Literary Experts Discuss Challenges that Face Children’s Books Publishing Industry

Challenges include underestimating their audience and lack of quality content


For immediate release

Sharjah, April 20, 2017


The challenges facing children’s book publishing was the topic of a panel discussion held on Wednesday on the sidelines of the Sharjah Children’s Reading Festival.

Speaking on the topic was Amal Farah, a prominent Egyptian children’s writer: “People talk about how visual media – the digital media – pose a threat to the children’s publishing industry. When you think about it, visual media aren’t new. In the past we had street clowns.
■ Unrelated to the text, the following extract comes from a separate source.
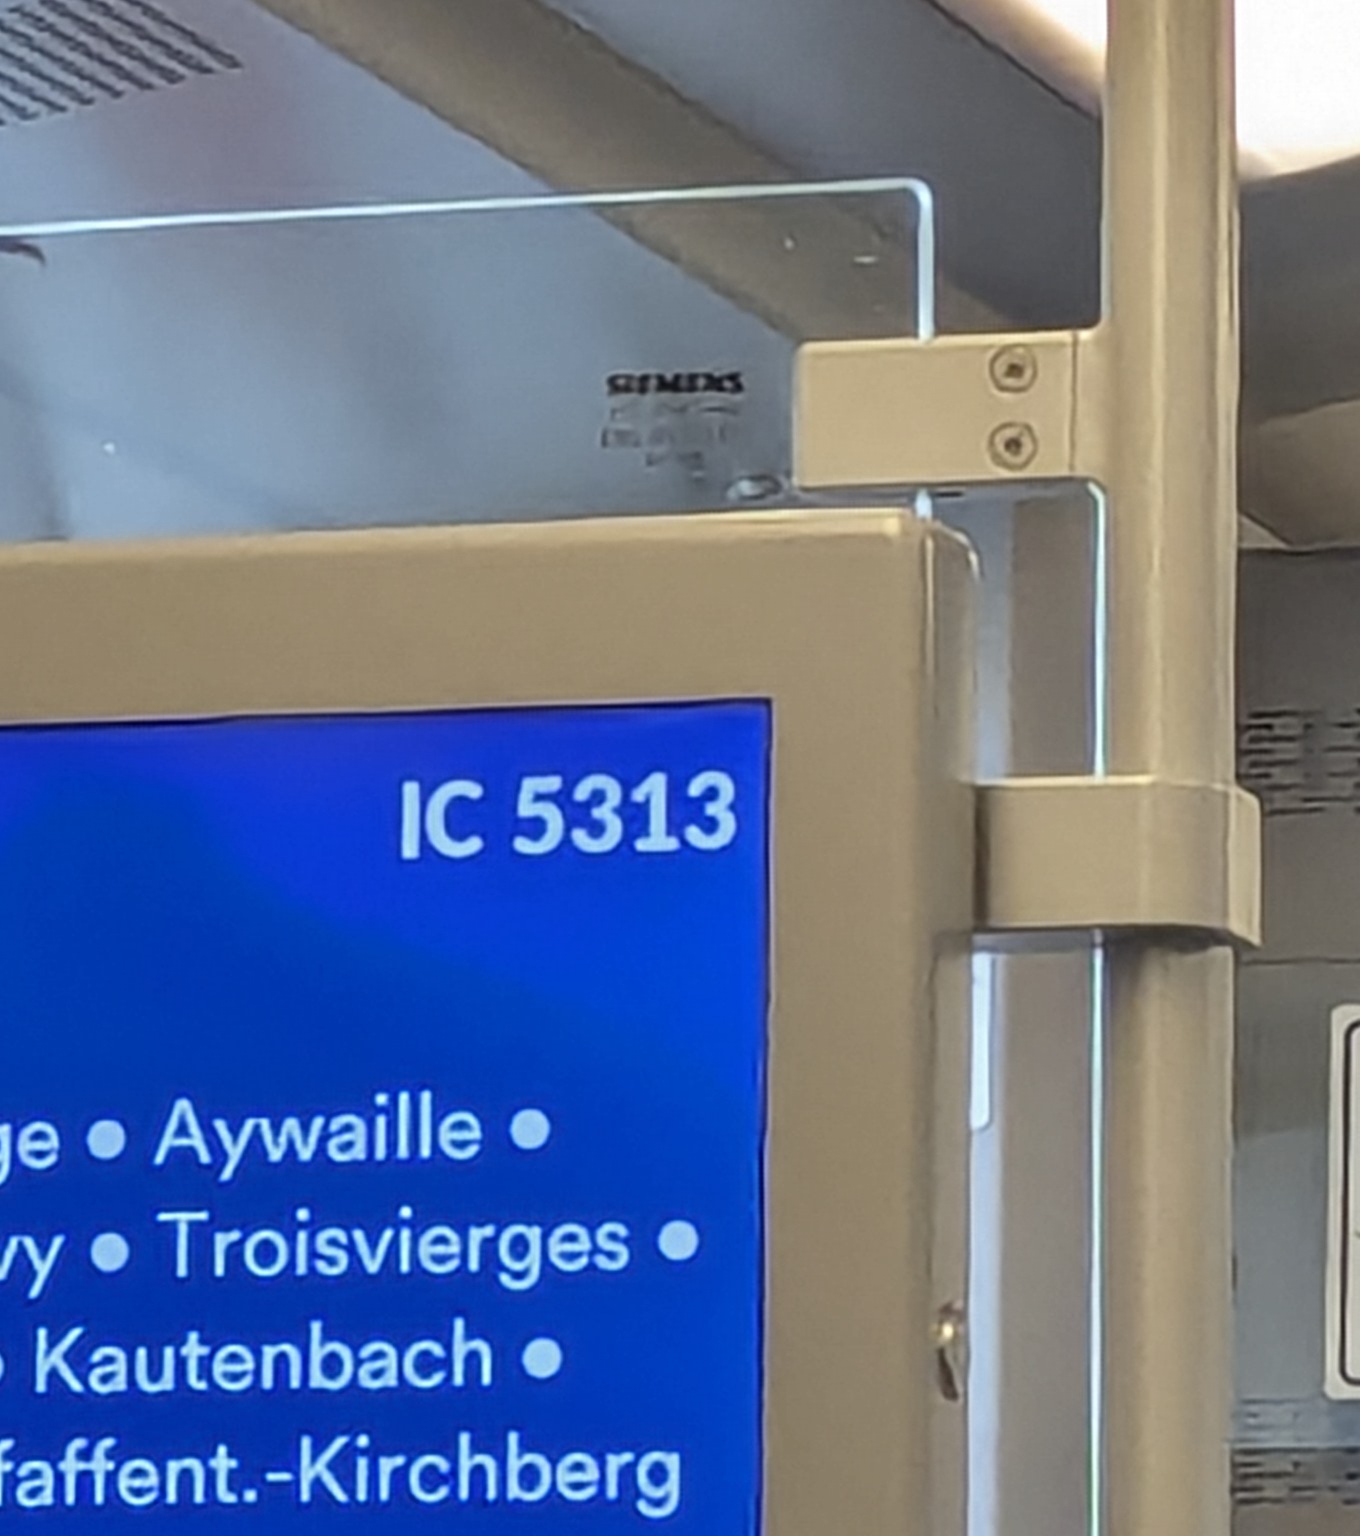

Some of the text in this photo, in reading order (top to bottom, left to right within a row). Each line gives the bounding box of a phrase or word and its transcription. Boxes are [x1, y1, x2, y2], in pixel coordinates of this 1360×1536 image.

These are just excuses to justify the failings and shortcomings of the publishing industry,” she said.

“There’s a need to bring back children to books and the key to that is for publishers to show genuine interest in that sector and to understand how books works,” she said.
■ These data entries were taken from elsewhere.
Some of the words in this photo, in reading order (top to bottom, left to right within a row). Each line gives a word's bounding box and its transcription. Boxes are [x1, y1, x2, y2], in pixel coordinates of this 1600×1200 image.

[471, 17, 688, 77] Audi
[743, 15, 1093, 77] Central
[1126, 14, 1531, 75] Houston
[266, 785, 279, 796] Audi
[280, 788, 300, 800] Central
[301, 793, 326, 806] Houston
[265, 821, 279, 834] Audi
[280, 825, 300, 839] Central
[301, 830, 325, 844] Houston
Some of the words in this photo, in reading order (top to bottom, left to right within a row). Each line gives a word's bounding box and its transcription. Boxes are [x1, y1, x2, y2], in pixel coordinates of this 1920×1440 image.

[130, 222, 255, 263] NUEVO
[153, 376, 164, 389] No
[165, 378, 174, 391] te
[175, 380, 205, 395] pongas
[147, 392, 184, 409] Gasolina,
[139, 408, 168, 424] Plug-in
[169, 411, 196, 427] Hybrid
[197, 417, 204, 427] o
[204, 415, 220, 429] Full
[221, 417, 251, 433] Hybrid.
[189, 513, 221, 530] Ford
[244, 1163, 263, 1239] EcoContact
The classic clichés that pertain to children’s books, such as using bright colors for certain age groups and fewer words lead to oversimplifying the industry which kills creativity, she said. “The result is that children don’t want to read books anymore and hence is less likely to be a reader when he grows up,” she said.

The problem is manifested in the commercialization of books and the use of marketing incentives to encourage readers to buy books. “It is as though books need that commercial push to be sold,” she said.
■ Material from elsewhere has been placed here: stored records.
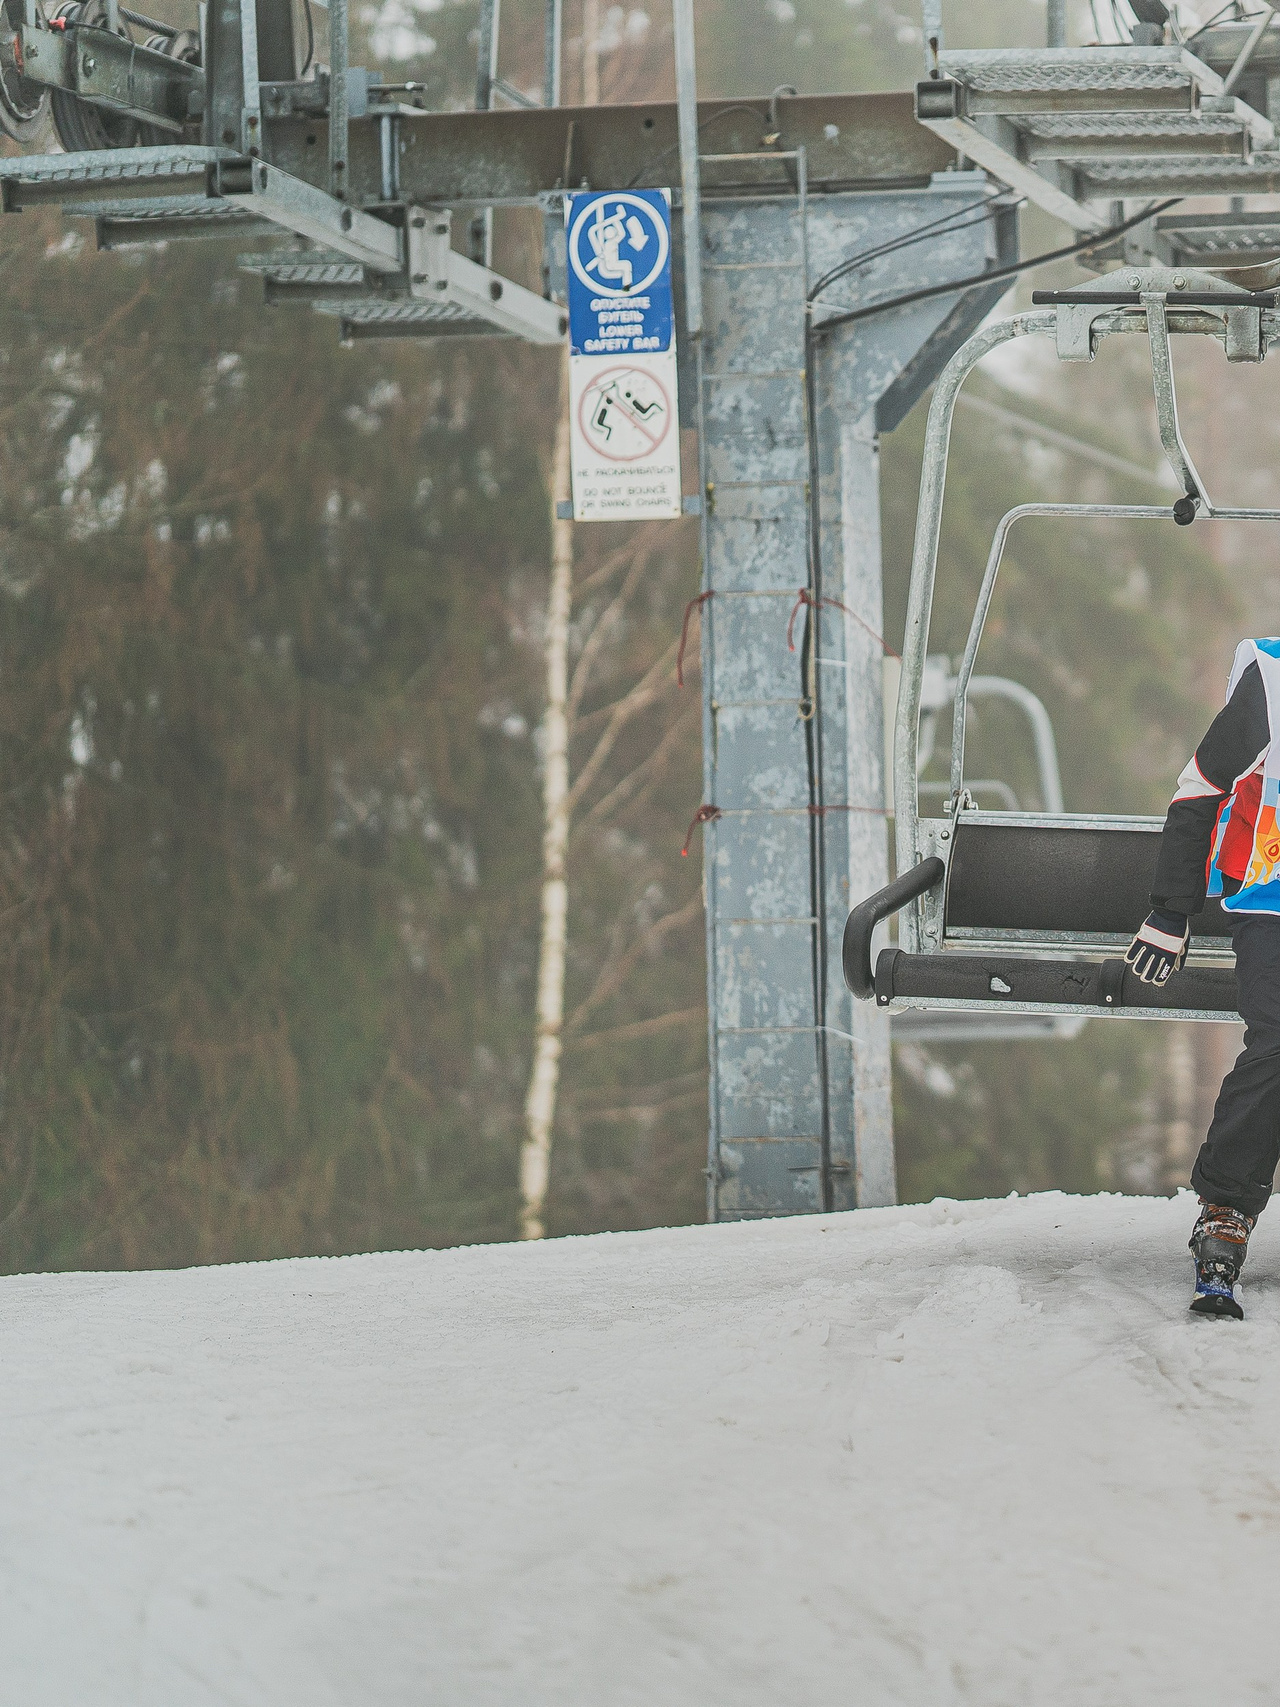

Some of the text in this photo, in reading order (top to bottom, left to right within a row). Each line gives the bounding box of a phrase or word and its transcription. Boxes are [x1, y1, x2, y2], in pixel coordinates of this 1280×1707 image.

[599, 324, 643, 338] LOWER
[584, 336, 660, 352] SAFETY BAR
[584, 485, 667, 497] DO NOT BOUNCE
[582, 499, 595, 508] OR
[601, 498, 630, 507] SWING
Also discussing the challenges facing the publishing industry when it comes to children’s books was Kuwaiti writer Latifa Butti who prints and publishes children’s books in Kuwait through the Sidan Media project.

“Before talking about the challenges facing the publishing of books we should talk about the love of books. Schools today offer rigid curricula that are outdated and lack creative stories. They are informative but dry,” said Latifa.

She said that while the publishing industry is not lacking in terms of quality of paper and story illustration, the real core issue is the lack of good content. “The text has to be relevant to the world in which the children live in. To make them feel safe and happy,” she said.

Another challenge which she said she personally faced was the publishers lack of interest in publishing children’s Arabic folktales. “I like to revive these folktales so that the children remain connected to their own heritage. I was shocked at the publishers’ negative reactions saying that it is only relevant to the local Kuwaiti culture. Meanwhile we have Peter Pan, Cinderella and Snow White – stories that are not relevant to Arab culture at all – translated into Arabic,” she said.